Mardi 8 novembre 2022 à 15h09
Genève, 8 nov 2022 (AFP) — Cinq rapporteurs spéciaux de l'ONU ont demandé mardi à la Turquie la libération immédiate d'une médecin ayant réclamé une enquête sur l'éventuelle utilisation d'armes chimiques par l'armée turque contre les rebelles kurdes du PKK en Irak.
Dans un communiqué, ces experts indépendants des Nations unies, dont les rapporteurs sur les exécutions extrajudiciaires, Morris Tidball-Binz, et sur la torture, Alice Jill Edwards, appellent la Turquie à ne plus utiliser la législation antiterroriste pour intimider les défenseurs des droits humains et demandent que Sebnem Korur Fincanci, présidente de l'Union des médecins de Turquie (TTB), soit libérée "immédiatement" et "sans condition".
Mme Fincanci avait été arrêtée le 26 octobre banlieue d'Ankara, puis écrouée le lendemain pour "propagande terroriste", selon les médias turcs.
"L'arrestation de la Dr Fincanci semble s'inscrire dans un schéma délibéré de mise en oeuvre de la législation antiterroriste visant à discréditer les défenseurs et les organisations des droits de l'homme et à interrompre leur travail vital", affirment les experts de l'ONU, qui sont mandatés par le Conseil des droits de l'homme mais ne s'expriment pas en son nom.
"Nous avons documenté de nombreux cas où la législation antiterroriste et d'autres dispositions pénales ont été utilisées pour harceler, arrêter, détenir et condamner des acteurs de la société civile en Turquie, y compris la Dr Fincanci, pour des motifs fallacieux", indiquent-ils.
Le communiqué souligne que la Dr Fincanci, médecin légiste reconnue, a contribué à l'élaboration d'un manuel, plus connu sous le nom de Protocole d'Istanbul, destiné à servir d'outil de référence international pour évaluer les victimes présumées d'actes de torture et pour enquêter sur ces allégations.
Des accusations de recours à des armes chimiques, relayées par des médias pro kurdes et des membres de l'opposition turque, sont apparues courant octobre et les combattants kurdes ont diffusé une liste de 17 noms, accompagnés de photos, de personnes présentées comme des "martyrs" tués par des gaz toxiques dans le nord de l'Irak.

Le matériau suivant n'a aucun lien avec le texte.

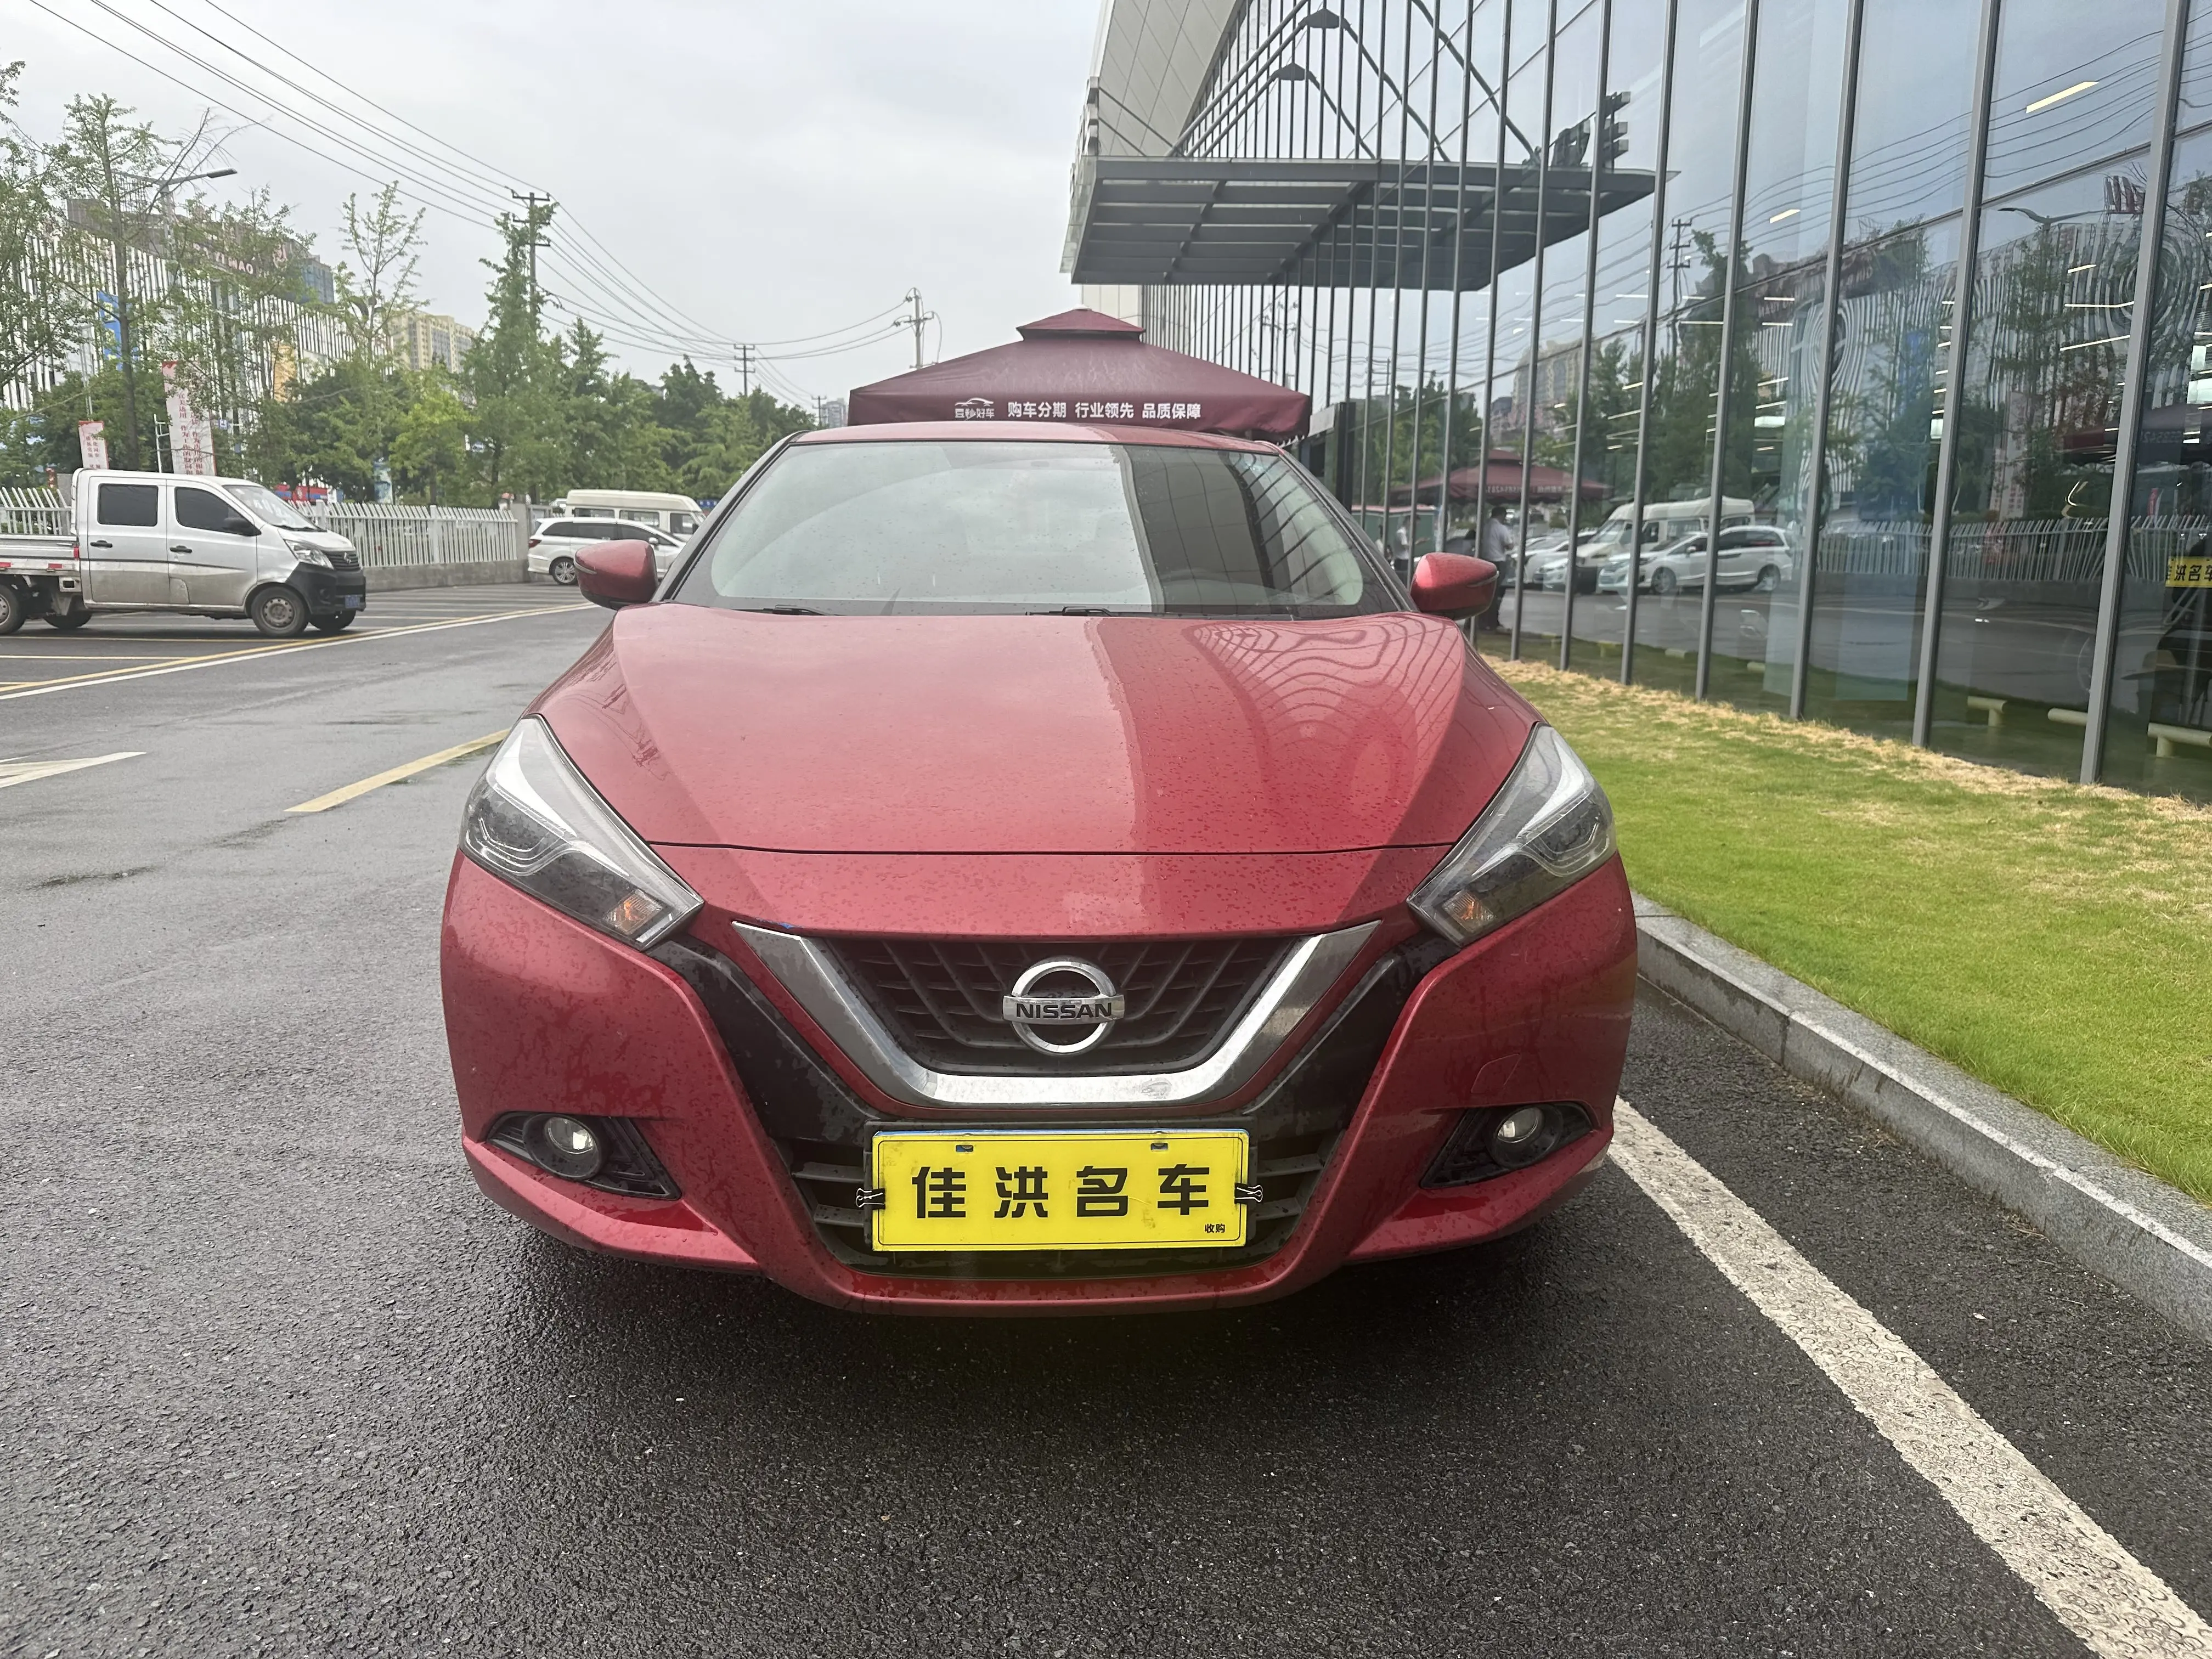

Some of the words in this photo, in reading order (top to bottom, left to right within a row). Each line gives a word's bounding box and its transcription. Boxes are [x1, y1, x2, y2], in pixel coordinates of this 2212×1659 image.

[1008, 401, 1066, 418] 购车分期
[1075, 402, 1134, 419] 行业领先
[1142, 402, 1201, 419] 品质保障
[1016, 1002, 1112, 1019] NISSAN
[911, 1163, 1210, 1219] 佳洪名车
[1204, 1223, 1226, 1233] 收购
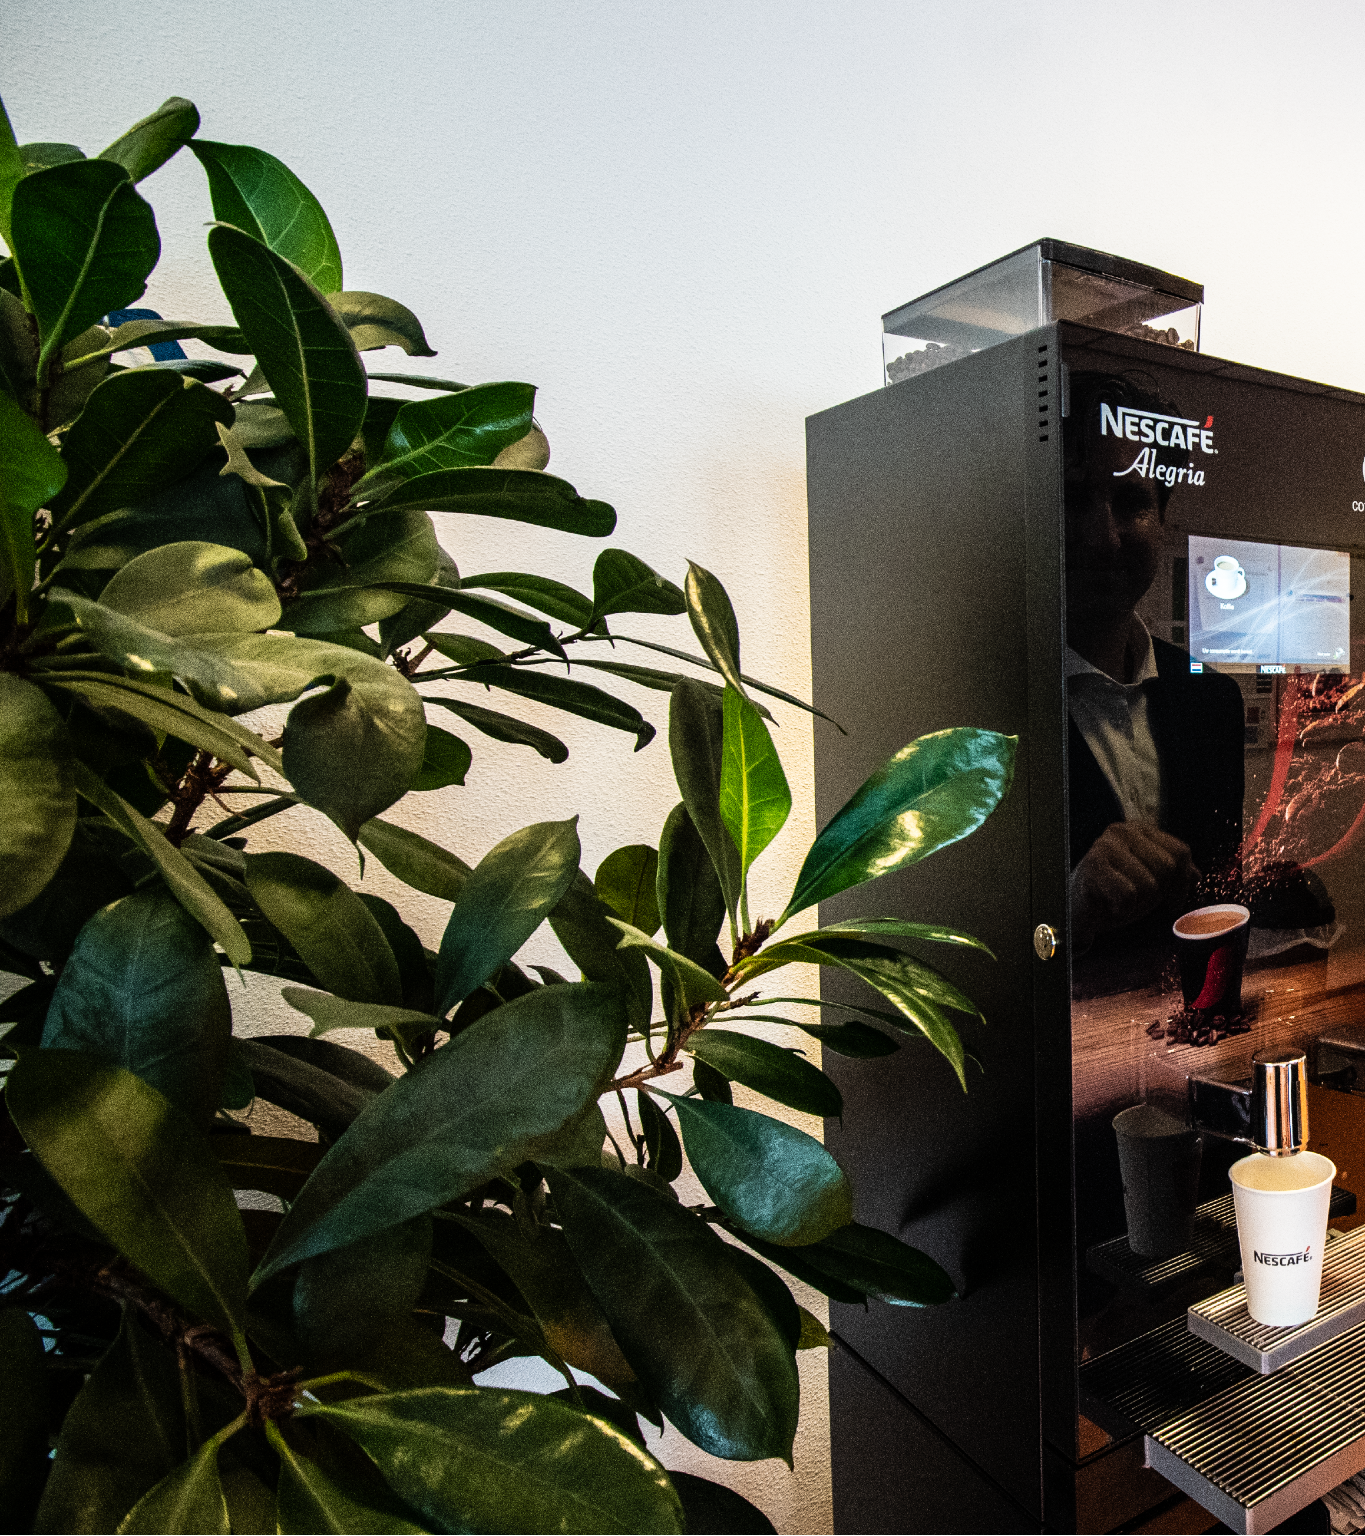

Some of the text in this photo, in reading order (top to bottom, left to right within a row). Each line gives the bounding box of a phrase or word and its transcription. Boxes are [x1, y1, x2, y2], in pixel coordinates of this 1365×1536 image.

[1100, 402, 1215, 454] NESCAFÉ
[1113, 447, 1206, 487] Alegria
[1253, 1245, 1311, 1267] NESCAFÉ
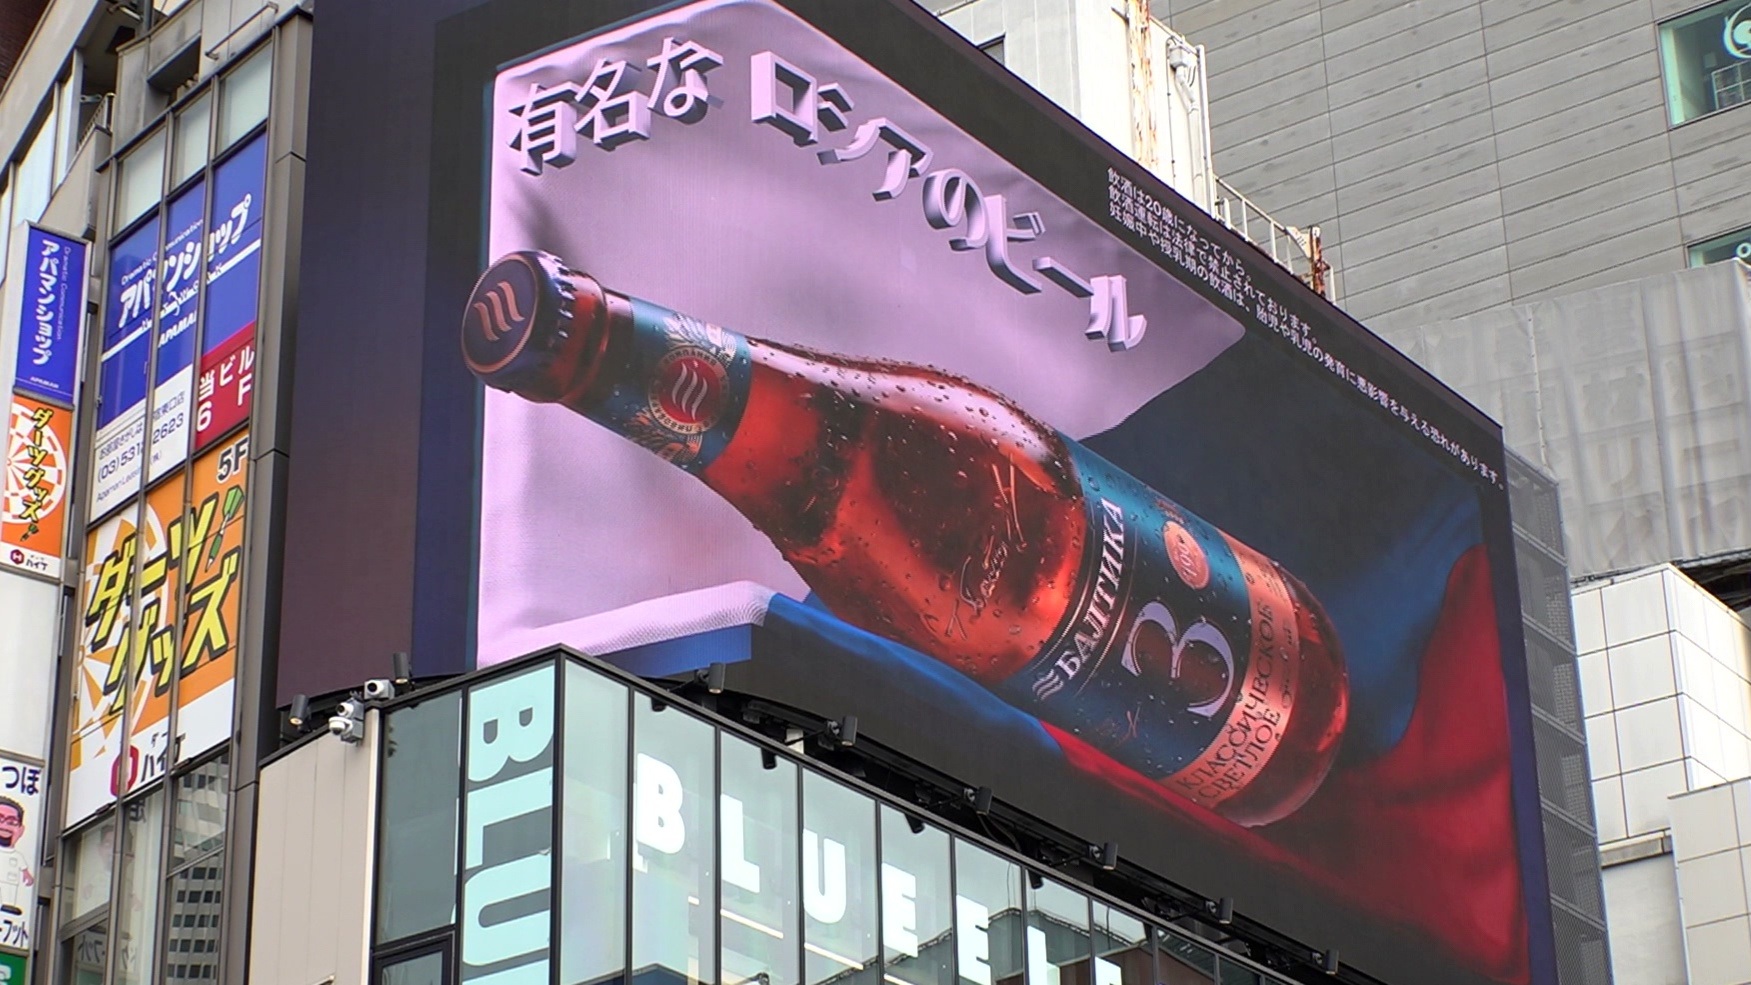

Ankara avait aussitôt dénoncé une campagne de "désinformation".
Mme Fincanci avait dit avoir "regardé et examiné les images sur les réseaux sociaux" de ces victimes possible, selon elle, de "gaz toxiques" et appelé à une "enquête indépendante".
"La capacité des défenseurs des droits humains et des médecins à dire la vérité au autorités doit être protégée", rappellent les rapporteurs, soulignant que ce rôle de dénonciation des violations des droits humains est "l'une des pierres angulaires des sociétés démocratiques".
Les informations ci-dessus de l'AFP n'engagent pas la responsabilité de l'Institut kurde de Paris.